WHAT YOU HAVE TO DO: The records below need to be repeated exactly, though not their pictures.

MATERIAL SUPPLIED:

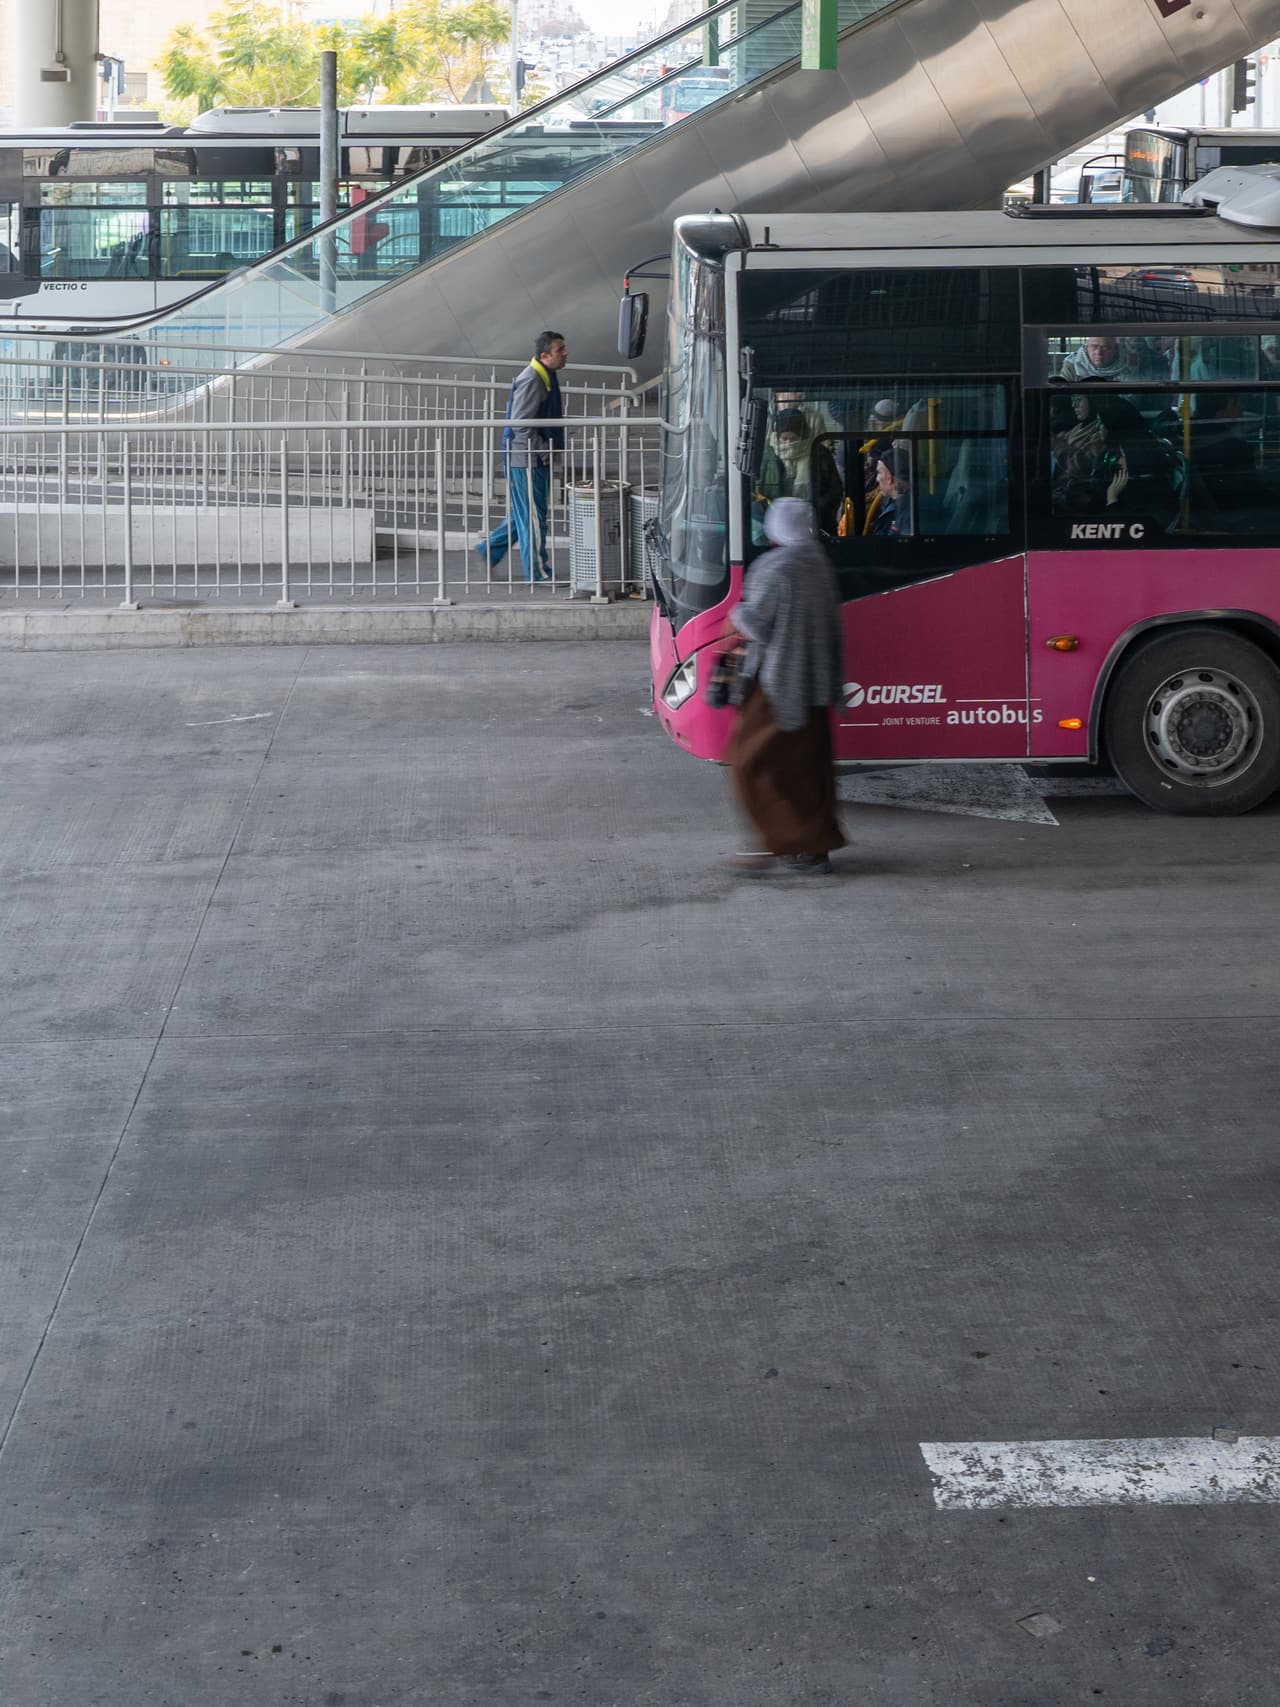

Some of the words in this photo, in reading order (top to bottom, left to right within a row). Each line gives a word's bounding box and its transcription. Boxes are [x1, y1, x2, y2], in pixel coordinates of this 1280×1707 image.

[1071, 523, 1125, 539] KENT
[1129, 523, 1145, 539] C
[866, 685, 947, 705] GÜRSEL
[881, 717, 904, 726] JOINT
[906, 717, 941, 726] VENTURE
[946, 704, 1044, 725] autobus
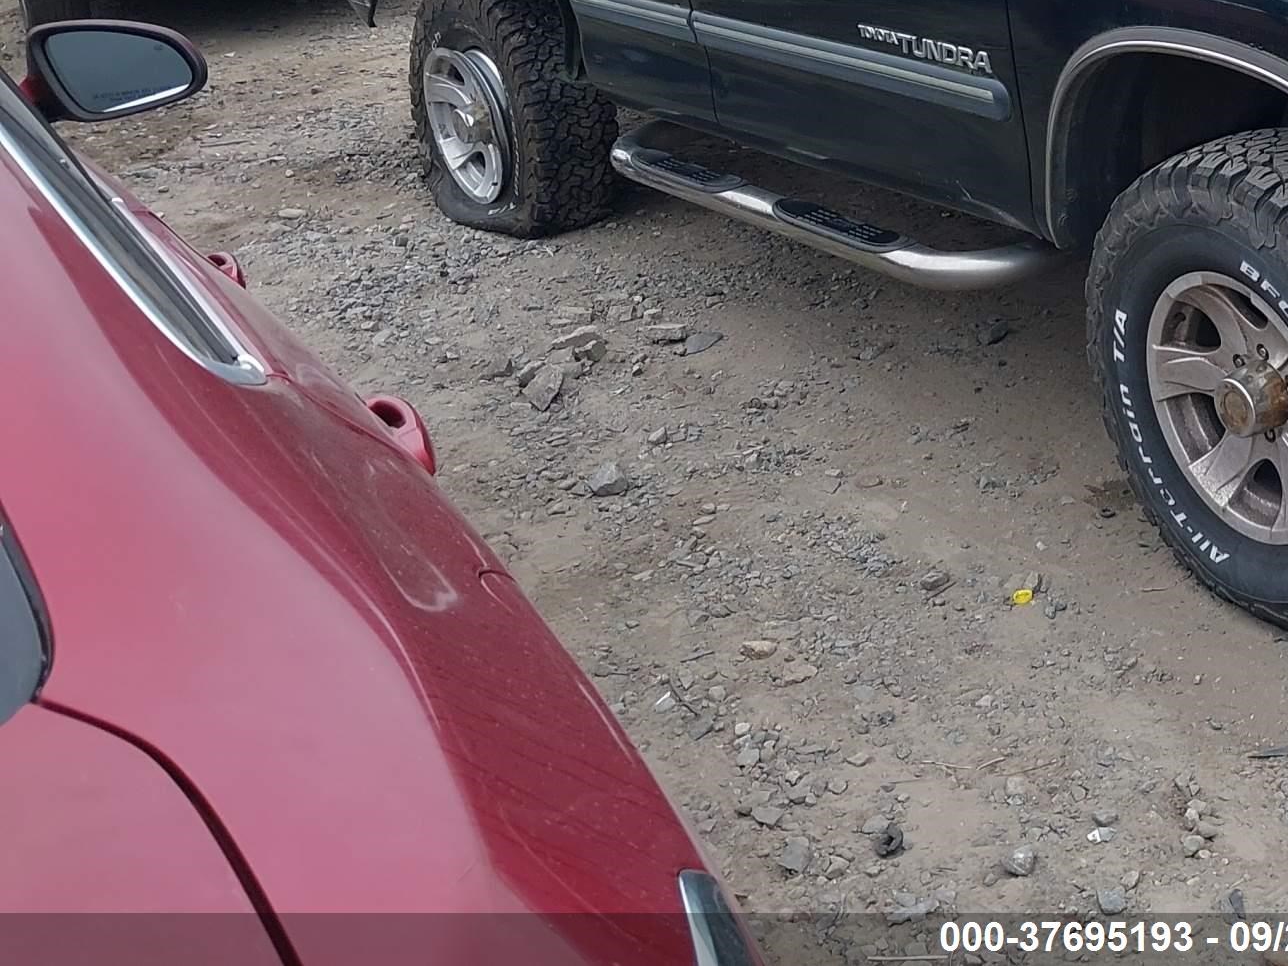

ANSWER:
Some of the words in this photo, in reading order (top to bottom, left to right within a row). Each line gives a word's bounding box and its transcription. Boxes are [x1, y1, x2, y2], in pixel coordinates of this 1280×1707 image.

[1071, 523, 1125, 539] KENT
[1129, 523, 1145, 539] C
[866, 685, 947, 705] GÜRSEL
[881, 717, 904, 726] JOINT
[906, 717, 941, 726] VENTURE
[946, 704, 1044, 725] autobus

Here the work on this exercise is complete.